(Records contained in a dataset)
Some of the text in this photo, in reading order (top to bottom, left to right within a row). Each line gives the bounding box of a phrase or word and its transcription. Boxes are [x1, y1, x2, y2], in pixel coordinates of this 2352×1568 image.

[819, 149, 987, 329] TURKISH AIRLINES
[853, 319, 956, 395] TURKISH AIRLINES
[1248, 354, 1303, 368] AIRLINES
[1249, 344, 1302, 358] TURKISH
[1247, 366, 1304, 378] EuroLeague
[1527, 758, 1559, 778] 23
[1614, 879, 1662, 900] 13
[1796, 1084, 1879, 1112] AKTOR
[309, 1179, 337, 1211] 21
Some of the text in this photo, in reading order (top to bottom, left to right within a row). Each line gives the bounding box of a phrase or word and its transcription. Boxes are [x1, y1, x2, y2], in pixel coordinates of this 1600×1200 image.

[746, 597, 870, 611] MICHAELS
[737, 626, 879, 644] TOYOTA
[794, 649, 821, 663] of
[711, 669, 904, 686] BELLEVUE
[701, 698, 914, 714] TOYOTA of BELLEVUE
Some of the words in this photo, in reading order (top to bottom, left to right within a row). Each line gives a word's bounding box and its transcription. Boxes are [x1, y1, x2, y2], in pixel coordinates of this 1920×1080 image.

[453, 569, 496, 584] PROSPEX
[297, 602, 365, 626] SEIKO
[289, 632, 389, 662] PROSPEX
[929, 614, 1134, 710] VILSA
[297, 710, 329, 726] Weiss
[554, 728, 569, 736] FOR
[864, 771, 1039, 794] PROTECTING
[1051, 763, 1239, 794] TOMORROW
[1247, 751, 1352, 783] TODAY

**Work request**
The records above are to be output in full and without error.

**Exercise response**
Some of the text in this photo, in reading order (top to bottom, left to right within a row). Each line gives the bounding box of a phrase or word and its transcription. Boxes are [x1, y1, x2, y2], in pixel coordinates of this 2352×1568 image.

[819, 149, 987, 329] TURKISH AIRLINES
[853, 319, 956, 395] TURKISH AIRLINES
[1248, 354, 1303, 368] AIRLINES
[1249, 344, 1302, 358] TURKISH
[1247, 366, 1304, 378] EuroLeague
[1527, 758, 1559, 778] 23
[1614, 879, 1662, 900] 13
[1796, 1084, 1879, 1112] AKTOR
[309, 1179, 337, 1211] 21
Some of the text in this photo, in reading order (top to bottom, left to right within a row). Each line gives the bounding box of a phrase or word and its transcription. Boxes are [x1, y1, x2, y2], in pixel coordinates of this 1600×1200 image.

[746, 597, 870, 611] MICHAELS
[737, 626, 879, 644] TOYOTA
[794, 649, 821, 663] of
[711, 669, 904, 686] BELLEVUE
[701, 698, 914, 714] TOYOTA of BELLEVUE
Some of the words in this photo, in reading order (top to bottom, left to right within a row). Each line gives a word's bounding box and its transcription. Boxes are [x1, y1, x2, y2], in pixel coordinates of this 1920×1080 image.

[453, 569, 496, 584] PROSPEX
[297, 602, 365, 626] SEIKO
[289, 632, 389, 662] PROSPEX
[929, 614, 1134, 710] VILSA
[297, 710, 329, 726] Weiss
[554, 728, 569, 736] FOR
[864, 771, 1039, 794] PROTECTING
[1051, 763, 1239, 794] TOMORROW
[1247, 751, 1352, 783] TODAY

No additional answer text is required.